One limitation of this study was the inability to determine the pasteurization status of dairy foods in the NHANES. Our assumption that all dairy foods in that survey were pasteurized enabled us to clearly demonstrate that pasteurized dairy foods were implicated less often in outbreaks than they were consumed, but because NHANES does not have a separate category for unpasteurized dairy, we are not able to make a comparison of the risks due to pasteurized versus unpasteurized dairy. Because the pasteurization status of many products is not listed in outbreak data, the proportion of outbreaks associated with pasteurized dairy was overestimated.
Our study had several other limitations. Not all outbreaks are investigated and reported, many outbreak reports do not include an implicated food vehicle, and food category–specific biases are likely. For example, home cross-contamination of produce is less likely to result in a detected outbreak than is contamination by an ill food worker (17). Specific retail settings are more frequently associated with high-risk food preparation practices than others (22) and other settings may be more frequently associated with specific meals (e.g., restaurant meals may be more frequently consumed for lunch and dinner meals). Limited or incomplete implicated food information may lead to incorrect assignment of OFCs. For multiple ingredient outbreak foods for which the causative ingredient is known, it would be most appropriate to assign the outbreak to the food category of that ingredient. However, for multiple ingredient NHANES foods, there is not a similar “most appropriate” ingredient to use in food category assignment, especially because the recipes of multi-ingredient NHANES foods may be different from those related to outbreaks. For this reason, we grouped all multi-ingredient foods into a multiple ingredient OFC regardless of the implicated ingredients because this approach helped ensure a fair comparison of OFC distributions in outbreaks and as consumed by the general population.
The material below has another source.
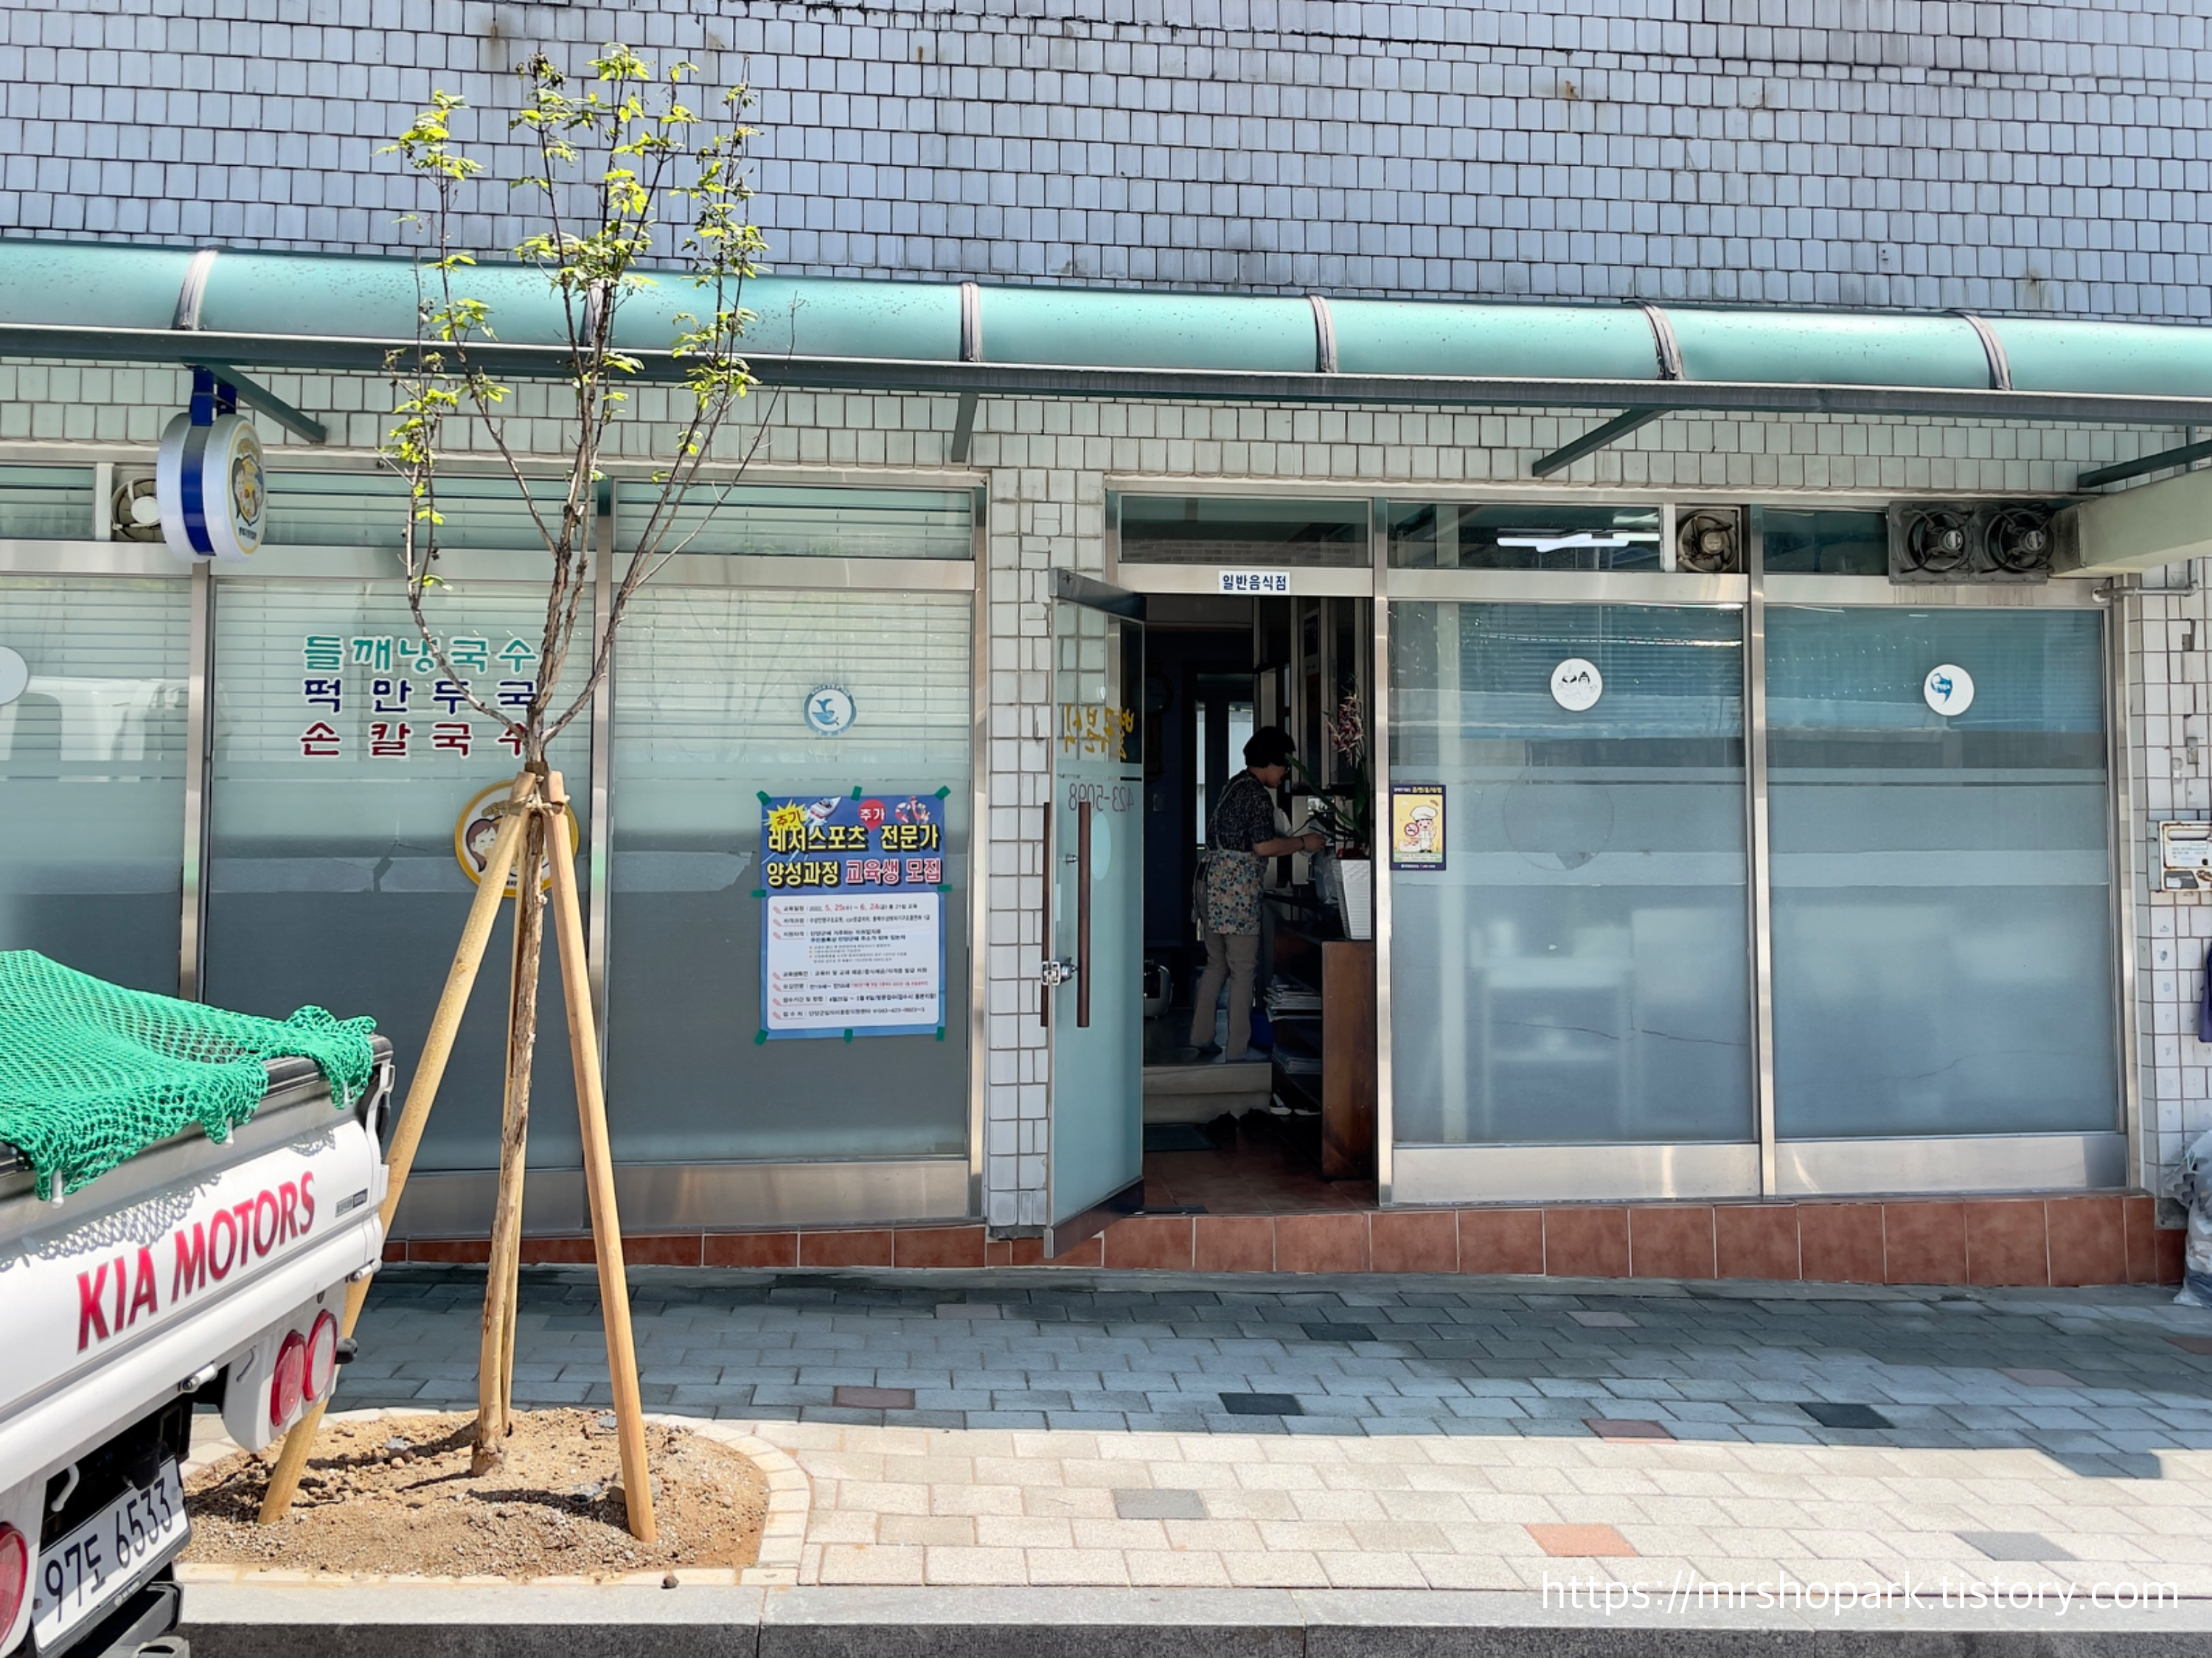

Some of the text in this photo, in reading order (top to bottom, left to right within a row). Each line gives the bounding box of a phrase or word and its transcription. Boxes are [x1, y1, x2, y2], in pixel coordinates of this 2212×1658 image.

As is common in analyses of outbreak data (9), nearly 75% of the foods in our analysis were assigned to the multiple ingredient OFC or other-unknown OFC, and better approaches for handling these categories would permit a more thorough examination of the differences in the foods consumed during outbreaks and by the general U.S. population.
To our knowledge, this is the first study in which a broad range of foods consumed by the U.S. population was compared with food categories frequently implicated in foodborne illness outbreaks, providing a better understanding of which foods are over- and underrepresented in outbreaks relative to their consumption frequency. These findings could assist with setting priorities for focused interventions used to reduce outbreaks of foodborne illnesses.
The authors thank the members of the Interagency Food Safety Analytics Collaboration, a tri-agency collaboration of the CDC, U.S. Food and Drug Administration, and the USDA Food Safety and Inspection Service for their ideas and feedback on this analysis. The authors also thank the National Outbreak Reporting System team and the National Center for Health Statistics staff for their guidance in the management and interpretation of the data in the FDOSS and NHANES. The findings and conclusions in this report are those of the authors and do not necessarily represent the official position of the CDC.